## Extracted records
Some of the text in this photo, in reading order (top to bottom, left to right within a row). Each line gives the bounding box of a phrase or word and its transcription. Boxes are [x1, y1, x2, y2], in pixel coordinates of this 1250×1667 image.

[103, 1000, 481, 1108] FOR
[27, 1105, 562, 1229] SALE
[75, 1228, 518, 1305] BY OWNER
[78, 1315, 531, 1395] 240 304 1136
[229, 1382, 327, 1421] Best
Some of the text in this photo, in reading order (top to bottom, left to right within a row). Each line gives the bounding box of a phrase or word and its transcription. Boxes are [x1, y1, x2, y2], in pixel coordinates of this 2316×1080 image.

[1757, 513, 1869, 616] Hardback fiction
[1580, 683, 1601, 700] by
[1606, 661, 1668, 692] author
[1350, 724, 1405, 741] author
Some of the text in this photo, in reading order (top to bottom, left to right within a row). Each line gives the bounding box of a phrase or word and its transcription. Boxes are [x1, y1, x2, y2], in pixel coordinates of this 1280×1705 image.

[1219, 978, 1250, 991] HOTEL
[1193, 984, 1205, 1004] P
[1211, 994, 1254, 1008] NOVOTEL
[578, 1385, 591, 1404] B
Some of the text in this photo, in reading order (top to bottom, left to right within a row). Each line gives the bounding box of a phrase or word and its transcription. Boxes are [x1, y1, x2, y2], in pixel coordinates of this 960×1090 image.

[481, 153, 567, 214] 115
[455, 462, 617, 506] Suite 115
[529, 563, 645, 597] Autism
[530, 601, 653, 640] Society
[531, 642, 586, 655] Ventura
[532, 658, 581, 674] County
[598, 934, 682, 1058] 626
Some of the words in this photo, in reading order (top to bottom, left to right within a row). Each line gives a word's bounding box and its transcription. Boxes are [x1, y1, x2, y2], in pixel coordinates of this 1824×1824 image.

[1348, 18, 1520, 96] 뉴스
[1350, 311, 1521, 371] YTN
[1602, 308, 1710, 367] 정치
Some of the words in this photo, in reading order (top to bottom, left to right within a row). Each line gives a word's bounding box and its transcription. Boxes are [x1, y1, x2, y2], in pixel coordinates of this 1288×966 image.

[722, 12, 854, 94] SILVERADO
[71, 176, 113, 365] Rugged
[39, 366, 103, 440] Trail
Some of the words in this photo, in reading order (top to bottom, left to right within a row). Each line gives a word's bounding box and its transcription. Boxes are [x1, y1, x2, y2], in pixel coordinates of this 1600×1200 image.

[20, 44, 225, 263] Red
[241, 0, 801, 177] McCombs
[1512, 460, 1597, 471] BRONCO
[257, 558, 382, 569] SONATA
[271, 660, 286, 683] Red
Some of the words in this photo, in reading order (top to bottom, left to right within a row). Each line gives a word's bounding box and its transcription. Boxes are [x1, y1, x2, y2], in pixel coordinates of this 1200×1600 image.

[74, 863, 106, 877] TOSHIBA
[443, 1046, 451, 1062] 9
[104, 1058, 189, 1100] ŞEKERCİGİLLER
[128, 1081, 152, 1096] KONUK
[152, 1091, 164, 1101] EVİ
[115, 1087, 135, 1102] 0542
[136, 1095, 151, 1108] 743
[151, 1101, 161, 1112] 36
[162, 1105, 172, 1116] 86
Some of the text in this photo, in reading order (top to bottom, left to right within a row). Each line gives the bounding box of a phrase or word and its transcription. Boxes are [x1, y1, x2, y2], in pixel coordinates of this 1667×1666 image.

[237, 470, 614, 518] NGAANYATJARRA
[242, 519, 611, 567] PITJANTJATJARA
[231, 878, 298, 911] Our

## DIRECTIONS
Each line of the data must be returned exactly.

## ANSWER BELOW
Some of the text in this photo, in reading order (top to bottom, left to right within a row). Each line gives the bounding box of a phrase or word and its transcription. Boxes are [x1, y1, x2, y2], in pixel coordinates of this 1250×1667 image.

[103, 1000, 481, 1108] FOR
[27, 1105, 562, 1229] SALE
[75, 1228, 518, 1305] BY OWNER
[78, 1315, 531, 1395] 240 304 1136
[229, 1382, 327, 1421] Best
Some of the text in this photo, in reading order (top to bottom, left to right within a row). Each line gives the bounding box of a phrase or word and its transcription. Boxes are [x1, y1, x2, y2], in pixel coordinates of this 2316×1080 image.

[1757, 513, 1869, 616] Hardback fiction
[1580, 683, 1601, 700] by
[1606, 661, 1668, 692] author
[1350, 724, 1405, 741] author
Some of the text in this photo, in reading order (top to bottom, left to right within a row). Each line gives the bounding box of a phrase or word and its transcription. Boxes are [x1, y1, x2, y2], in pixel coordinates of this 1280×1705 image.

[1219, 978, 1250, 991] HOTEL
[1193, 984, 1205, 1004] P
[1211, 994, 1254, 1008] NOVOTEL
[578, 1385, 591, 1404] B
Some of the text in this photo, in reading order (top to bottom, left to right within a row). Each line gives the bounding box of a phrase or word and its transcription. Boxes are [x1, y1, x2, y2], in pixel coordinates of this 960×1090 image.

[481, 153, 567, 214] 115
[455, 462, 617, 506] Suite 115
[529, 563, 645, 597] Autism
[530, 601, 653, 640] Society
[531, 642, 586, 655] Ventura
[532, 658, 581, 674] County
[598, 934, 682, 1058] 626
Some of the words in this photo, in reading order (top to bottom, left to right within a row). Each line gives a word's bounding box and its transcription. Boxes are [x1, y1, x2, y2], in pixel coordinates of this 1824×1824 image.

[1348, 18, 1520, 96] 뉴스
[1350, 311, 1521, 371] YTN
[1602, 308, 1710, 367] 정치
Some of the words in this photo, in reading order (top to bottom, left to right within a row). Each line gives a word's bounding box and its transcription. Boxes are [x1, y1, x2, y2], in pixel coordinates of this 1288×966 image.

[722, 12, 854, 94] SILVERADO
[71, 176, 113, 365] Rugged
[39, 366, 103, 440] Trail
Some of the words in this photo, in reading order (top to bottom, left to right within a row). Each line gives a word's bounding box and its transcription. Boxes are [x1, y1, x2, y2], in pixel coordinates of this 1600×1200 image.

[20, 44, 225, 263] Red
[241, 0, 801, 177] McCombs
[1512, 460, 1597, 471] BRONCO
[257, 558, 382, 569] SONATA
[271, 660, 286, 683] Red
Some of the words in this photo, in reading order (top to bottom, left to right within a row). Each line gives a word's bounding box and its transcription. Boxes are [x1, y1, x2, y2], in pixel coordinates of this 1200×1600 image.

[74, 863, 106, 877] TOSHIBA
[443, 1046, 451, 1062] 9
[104, 1058, 189, 1100] ŞEKERCİGİLLER
[128, 1081, 152, 1096] KONUK
[152, 1091, 164, 1101] EVİ
[115, 1087, 135, 1102] 0542
[136, 1095, 151, 1108] 743
[151, 1101, 161, 1112] 36
[162, 1105, 172, 1116] 86
Some of the text in this photo, in reading order (top to bottom, left to right within a row). Each line gives the bounding box of a phrase or word and its transcription. Boxes are [x1, y1, x2, y2], in pixel coordinates of this 1667×1666 image.

[237, 470, 614, 518] NGAANYATJARRA
[242, 519, 611, 567] PITJANTJATJARA
[231, 878, 298, 911] Our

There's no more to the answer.